THE PROBLEM: Return the records in full, with every character preserved.

- - - - -

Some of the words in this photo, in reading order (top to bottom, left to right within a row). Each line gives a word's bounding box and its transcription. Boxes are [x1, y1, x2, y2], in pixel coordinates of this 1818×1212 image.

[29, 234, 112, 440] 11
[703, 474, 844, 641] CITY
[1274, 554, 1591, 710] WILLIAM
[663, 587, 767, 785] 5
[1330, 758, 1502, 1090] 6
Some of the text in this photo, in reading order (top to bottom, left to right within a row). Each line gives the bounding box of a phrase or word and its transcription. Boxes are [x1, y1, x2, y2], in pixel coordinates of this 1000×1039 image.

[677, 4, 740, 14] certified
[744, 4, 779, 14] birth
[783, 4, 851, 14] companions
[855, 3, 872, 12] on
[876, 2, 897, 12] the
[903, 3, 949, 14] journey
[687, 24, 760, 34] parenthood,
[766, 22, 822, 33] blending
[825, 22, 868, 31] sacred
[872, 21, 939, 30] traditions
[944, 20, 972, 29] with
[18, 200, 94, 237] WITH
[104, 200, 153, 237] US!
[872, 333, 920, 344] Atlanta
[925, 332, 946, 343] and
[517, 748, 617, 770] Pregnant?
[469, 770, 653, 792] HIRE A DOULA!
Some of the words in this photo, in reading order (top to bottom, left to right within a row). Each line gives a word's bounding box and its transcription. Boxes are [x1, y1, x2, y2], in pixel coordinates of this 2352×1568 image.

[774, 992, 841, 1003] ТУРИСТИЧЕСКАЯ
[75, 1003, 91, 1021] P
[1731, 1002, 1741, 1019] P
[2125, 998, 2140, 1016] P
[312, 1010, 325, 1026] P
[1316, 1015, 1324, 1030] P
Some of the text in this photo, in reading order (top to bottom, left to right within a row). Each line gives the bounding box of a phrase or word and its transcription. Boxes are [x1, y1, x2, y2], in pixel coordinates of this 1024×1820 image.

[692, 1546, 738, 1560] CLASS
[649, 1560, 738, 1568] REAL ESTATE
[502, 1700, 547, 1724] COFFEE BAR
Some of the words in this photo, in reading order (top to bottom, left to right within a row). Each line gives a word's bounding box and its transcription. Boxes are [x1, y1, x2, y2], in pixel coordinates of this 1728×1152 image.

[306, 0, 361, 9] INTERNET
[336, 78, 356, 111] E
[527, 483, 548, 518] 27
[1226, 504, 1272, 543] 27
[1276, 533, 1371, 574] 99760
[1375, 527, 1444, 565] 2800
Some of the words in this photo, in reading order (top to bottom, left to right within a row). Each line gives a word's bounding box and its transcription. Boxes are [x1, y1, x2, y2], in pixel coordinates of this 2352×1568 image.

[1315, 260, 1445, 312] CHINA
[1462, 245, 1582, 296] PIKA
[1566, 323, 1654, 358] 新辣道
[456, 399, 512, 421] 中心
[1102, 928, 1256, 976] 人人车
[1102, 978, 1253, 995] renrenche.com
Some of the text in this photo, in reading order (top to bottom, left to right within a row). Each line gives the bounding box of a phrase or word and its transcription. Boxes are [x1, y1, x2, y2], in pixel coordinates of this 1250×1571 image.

- - - - -

FINISHED EXERCISE:
Some of the words in this photo, in reading order (top to bottom, left to right within a row). Each line gives a word's bounding box and its transcription. Boxes are [x1, y1, x2, y2], in pixel coordinates of this 1818×1212 image.

[29, 234, 112, 440] 11
[703, 474, 844, 641] CITY
[1274, 554, 1591, 710] WILLIAM
[663, 587, 767, 785] 5
[1330, 758, 1502, 1090] 6
Some of the text in this photo, in reading order (top to bottom, left to right within a row). Each line gives the bounding box of a phrase or word and its transcription. Boxes are [x1, y1, x2, y2], in pixel coordinates of this 1000×1039 image.

[677, 4, 740, 14] certified
[744, 4, 779, 14] birth
[783, 4, 851, 14] companions
[855, 3, 872, 12] on
[876, 2, 897, 12] the
[903, 3, 949, 14] journey
[687, 24, 760, 34] parenthood,
[766, 22, 822, 33] blending
[825, 22, 868, 31] sacred
[872, 21, 939, 30] traditions
[944, 20, 972, 29] with
[18, 200, 94, 237] WITH
[104, 200, 153, 237] US!
[872, 333, 920, 344] Atlanta
[925, 332, 946, 343] and
[517, 748, 617, 770] Pregnant?
[469, 770, 653, 792] HIRE A DOULA!
Some of the words in this photo, in reading order (top to bottom, left to right within a row). Each line gives a word's bounding box and its transcription. Boxes are [x1, y1, x2, y2], in pixel coordinates of this 2352×1568 image.

[774, 992, 841, 1003] ТУРИСТИЧЕСКАЯ
[75, 1003, 91, 1021] P
[1731, 1002, 1741, 1019] P
[2125, 998, 2140, 1016] P
[312, 1010, 325, 1026] P
[1316, 1015, 1324, 1030] P
Some of the text in this photo, in reading order (top to bottom, left to right within a row). Each line gives the bounding box of a phrase or word and its transcription. Boxes are [x1, y1, x2, y2], in pixel coordinates of this 1024×1820 image.

[692, 1546, 738, 1560] CLASS
[649, 1560, 738, 1568] REAL ESTATE
[502, 1700, 547, 1724] COFFEE BAR
Some of the words in this photo, in reading order (top to bottom, left to right within a row). Each line gives a word's bounding box and its transcription. Boxes are [x1, y1, x2, y2], in pixel coordinates of this 1728×1152 image.

[306, 0, 361, 9] INTERNET
[336, 78, 356, 111] E
[527, 483, 548, 518] 27
[1226, 504, 1272, 543] 27
[1276, 533, 1371, 574] 99760
[1375, 527, 1444, 565] 2800
Some of the words in this photo, in reading order (top to bottom, left to right within a row). Each line gives a word's bounding box and its transcription. Boxes are [x1, y1, x2, y2], in pixel coordinates of this 2352×1568 image.

[1315, 260, 1445, 312] CHINA
[1462, 245, 1582, 296] PIKA
[1566, 323, 1654, 358] 新辣道
[456, 399, 512, 421] 中心
[1102, 928, 1256, 976] 人人车
[1102, 978, 1253, 995] renrenche.com
Some of the text in this photo, in reading order (top to bottom, left to right within a row). Each line gives the bounding box of a phrase or word and its transcription. Boxes are [x1, y1, x2, y2], in pixel coordinates of this 1250×1571 image.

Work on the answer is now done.